● What to work on
Going from the line that contains "Some of the text" down to the last line in the listing below, reproduce every line exactly and include no others.

● Material shown
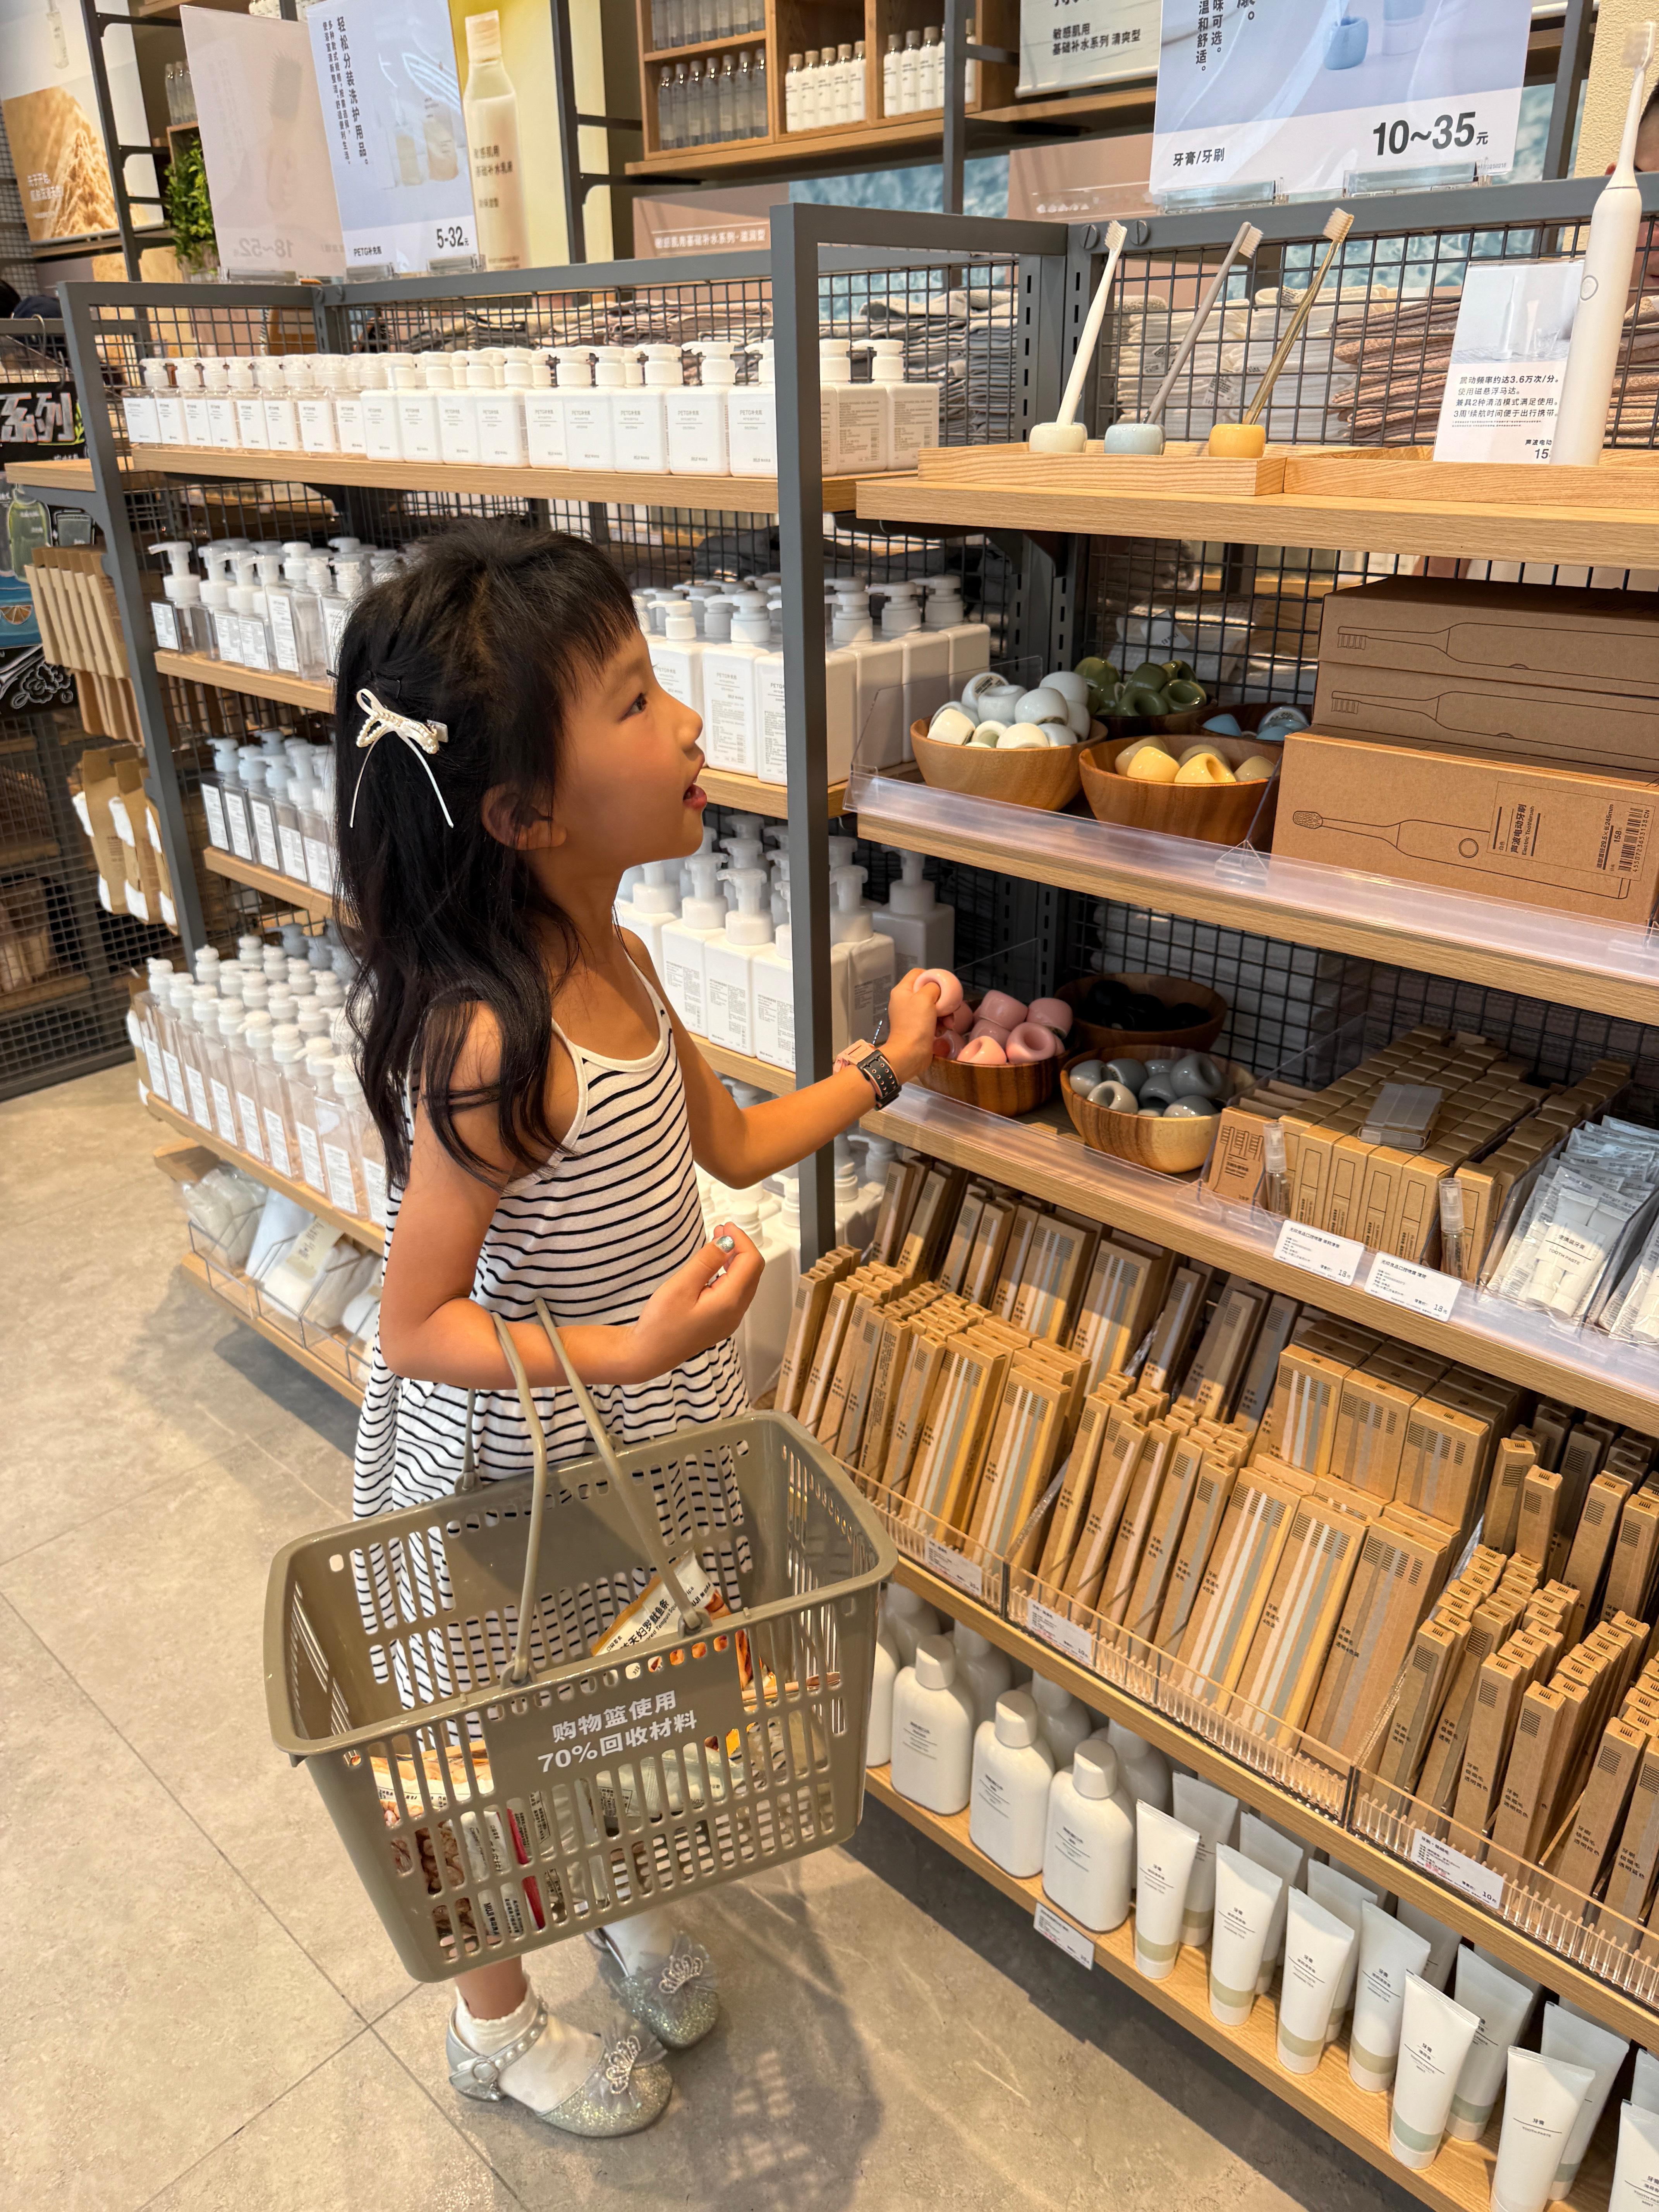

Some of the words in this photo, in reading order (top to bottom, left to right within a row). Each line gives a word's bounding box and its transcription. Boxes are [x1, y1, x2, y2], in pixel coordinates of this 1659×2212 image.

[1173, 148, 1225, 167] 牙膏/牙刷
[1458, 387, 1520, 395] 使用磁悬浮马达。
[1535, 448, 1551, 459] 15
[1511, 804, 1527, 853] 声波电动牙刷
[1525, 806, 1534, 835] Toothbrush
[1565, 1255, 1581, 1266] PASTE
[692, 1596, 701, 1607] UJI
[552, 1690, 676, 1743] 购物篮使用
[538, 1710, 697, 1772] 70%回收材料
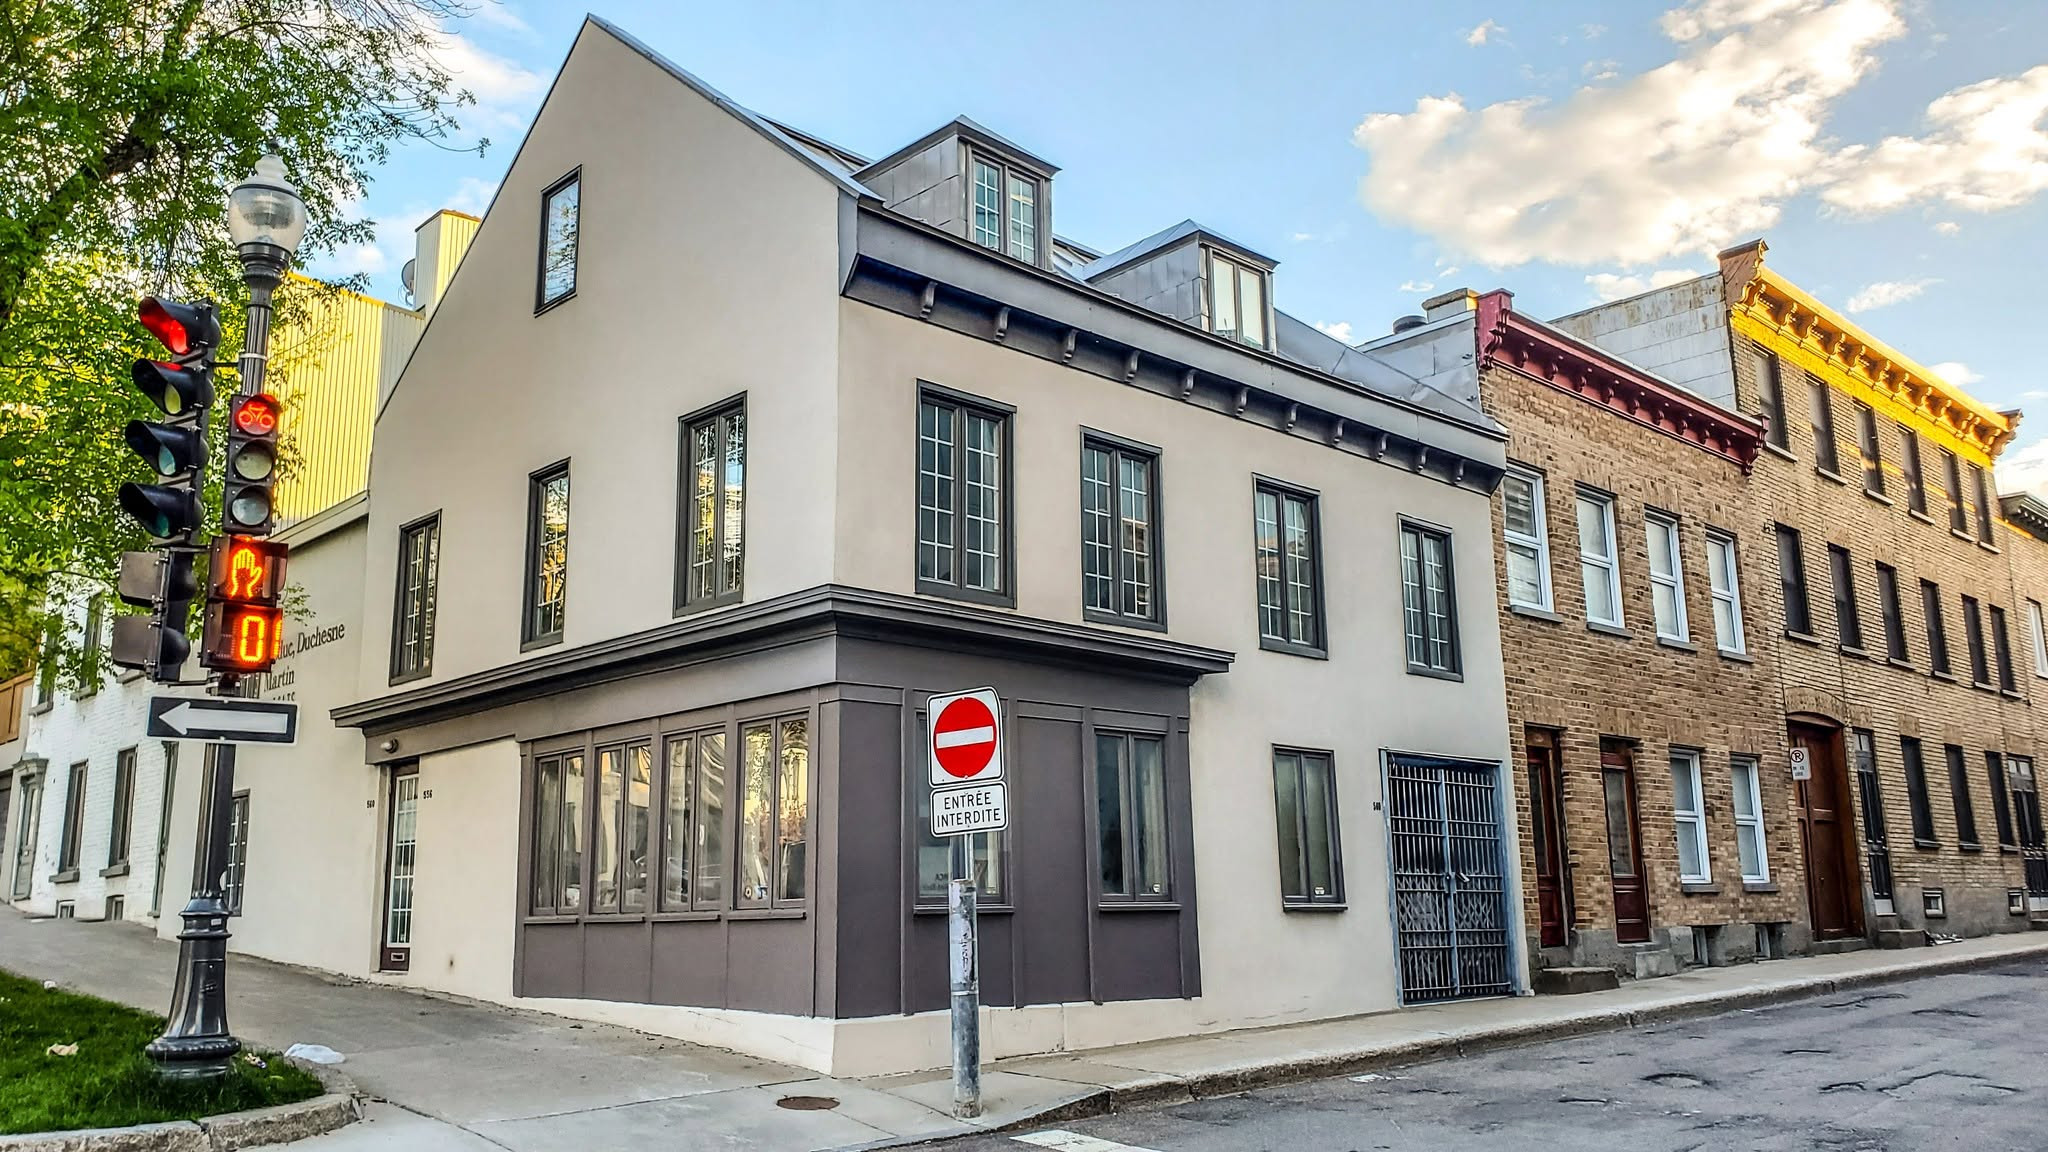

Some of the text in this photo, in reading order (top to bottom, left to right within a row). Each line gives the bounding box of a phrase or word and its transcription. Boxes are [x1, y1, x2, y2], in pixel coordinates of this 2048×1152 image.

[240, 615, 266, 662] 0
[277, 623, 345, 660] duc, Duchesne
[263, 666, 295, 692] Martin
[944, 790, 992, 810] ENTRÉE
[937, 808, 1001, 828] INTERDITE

● Result below
Some of the text in this photo, in reading order (top to bottom, left to right within a row). Each line gives the bounding box of a phrase or word and its transcription. Boxes are [x1, y1, x2, y2], in pixel coordinates of this 2048×1152 image.

[240, 615, 266, 662] 0
[277, 623, 345, 660] duc, Duchesne
[263, 666, 295, 692] Martin
[944, 790, 992, 810] ENTRÉE
[937, 808, 1001, 828] INTERDITE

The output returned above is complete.